If you have been affected by taking Yaz, Yasmin, Ocella, or Zarah and are thinking that you could have been affected from taking Yaz and Yasmin, then you should talk to an experienced personal injury attorney immediately. It’s important not to delay because consulting an experienced medical malpractice, defective product attorney, or personal injury attorney with expertise in pharmaceuticals and/or specifically with Yaz will ensure that you do not miss important timelines for filing your claim and receiving financial compensation for having been injured by taking Yaz, Yasmin, Ocella, or Zarah. The specialization required in handling these types of lawsuits is very important because an experienced attorney skilled with this kind of law will be able to better handle your case and get you financial rewards for your injuries.
What Kind of Financial Damages May I Recover For Yaz Injuries? What Type of Financial Damages May I collect For Yasmin Injuries? What Kind of Financial Damages Can I Collect for Taking Ocella or Zarah?
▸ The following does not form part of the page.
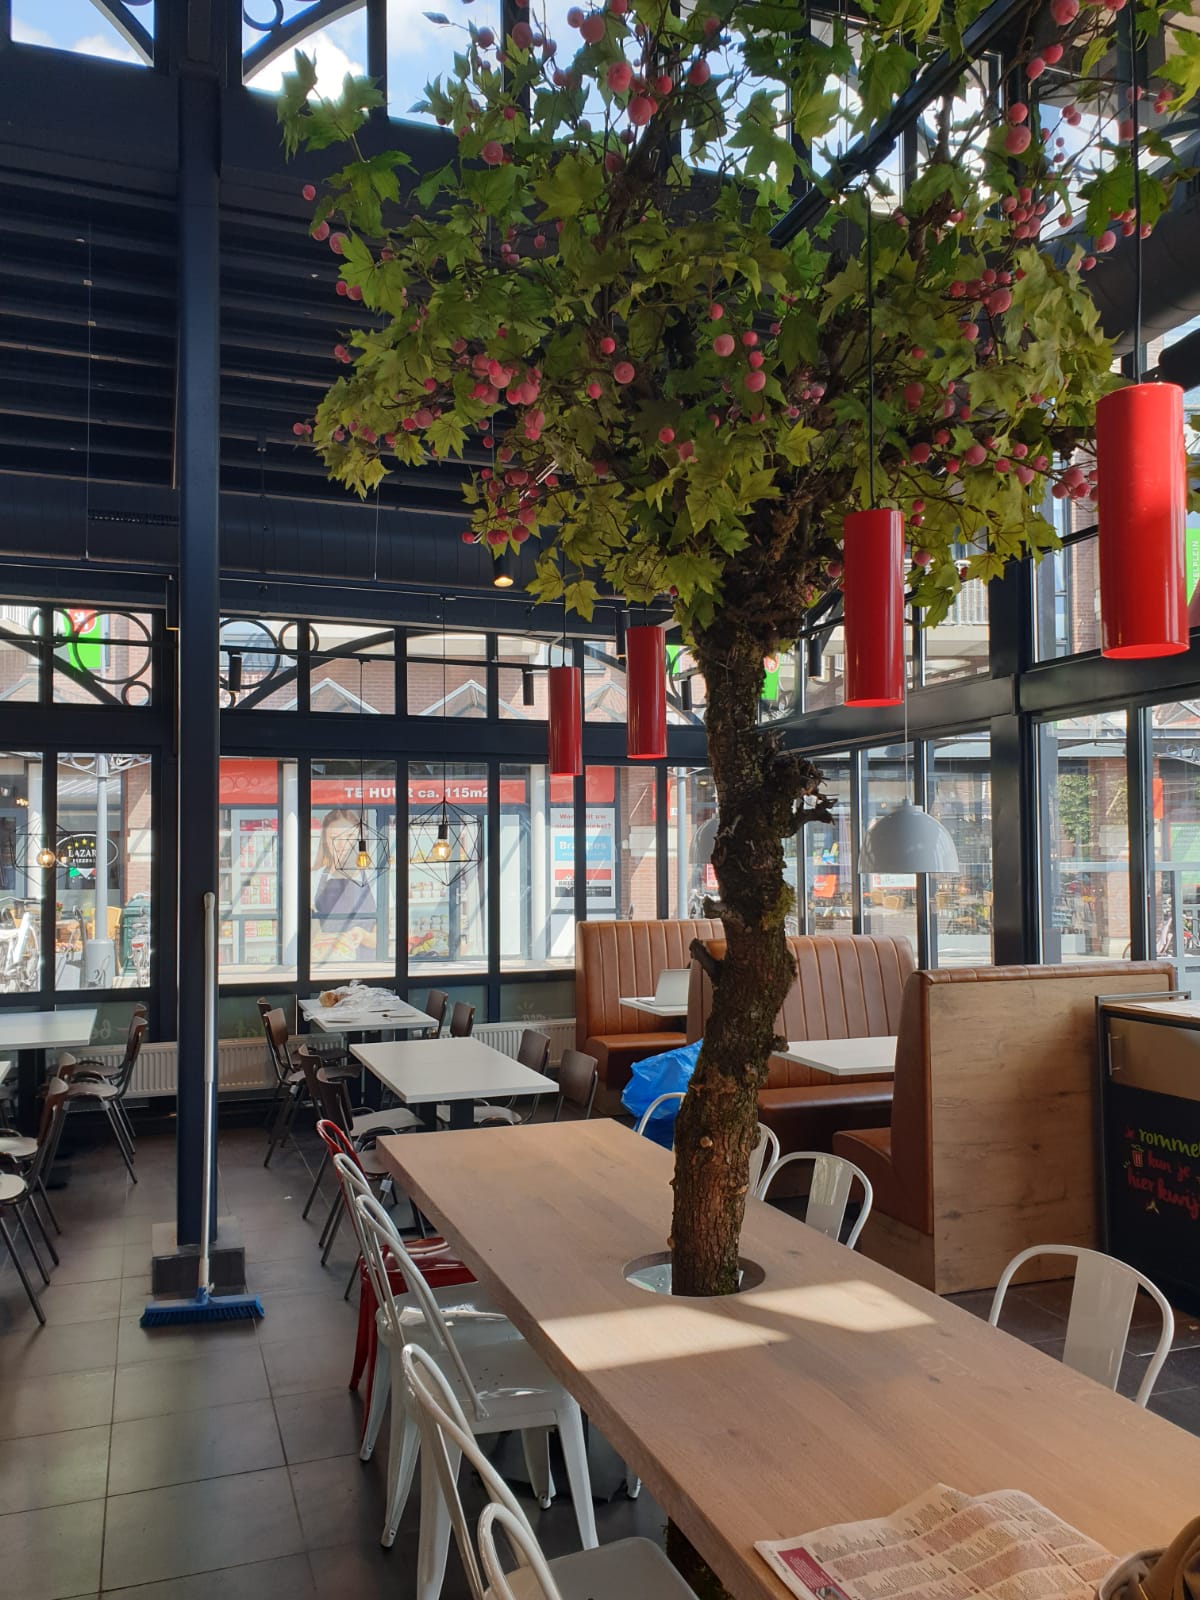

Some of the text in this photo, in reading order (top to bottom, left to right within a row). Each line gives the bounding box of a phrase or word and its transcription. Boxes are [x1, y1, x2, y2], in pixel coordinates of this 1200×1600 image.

There are several kinds of financial compensation that you may receive from your injuries and damages you suffered. The list can include outstanding medical costs and medical bills, costs from ongoing medical treatment, as well as damages from additional health issues you suffered as a result of your injuries. You can also successfully sue for pain and suffering damages as well as for costs associated with past and future lost wages resulting from your Yaz injuries.
What are Some Additional Differences between Yaz and Yasmin?
Some people aren’t aware that there are major differences between Yaz and Yasmin. They simply think of them as the same thing. These two contraceptive pills are quite similar in some ways, but they have some additional minor differences that have quite an impact in how the drug is prescribed, taken, and how it affects the body before, leading up to, and during a period.
Yaz which is also called drospirenone with ethinyl estradiol as well as Yasmin which is also drospirenone with ethinyl estradiol both use oral birth control that contain estrogen as well as progestin. Yaz and Yasmin both work in preventing pregnancy through preventing or stopping ovulation which is defined as the maturation as well as eggs being released out of the ovaries. The birth control medications Yaz and Yasmin alter cervical mucus as well as uterus lining.
These two medications Yasmin, Yaz, as well as their generic versions Ocella, Zarah, and others differ from standard birth control methods and other contraceptive pills in important aspects. Progesterone used in Yaz, Yasmin, Ocella, and Zarah is called drospirenone and has been closely associated with spironolactone which is a drug used for diuretics. Commonly known as a water pill, this spironolactone is similar to the drospirenone used in Yaz and Yasmin and has anti-androgenic specific activities, meaning that these work against male testosterone as well as other male hormones. Women having small amounts of the hormones and are generally referred to as “male hormones.” These hormones lead to incidentals like acne and other skin issues.
How does Yaz/Yasmin and its Generics Ocella/Zarah Differ in Daily Use from Other Birth Control Pills?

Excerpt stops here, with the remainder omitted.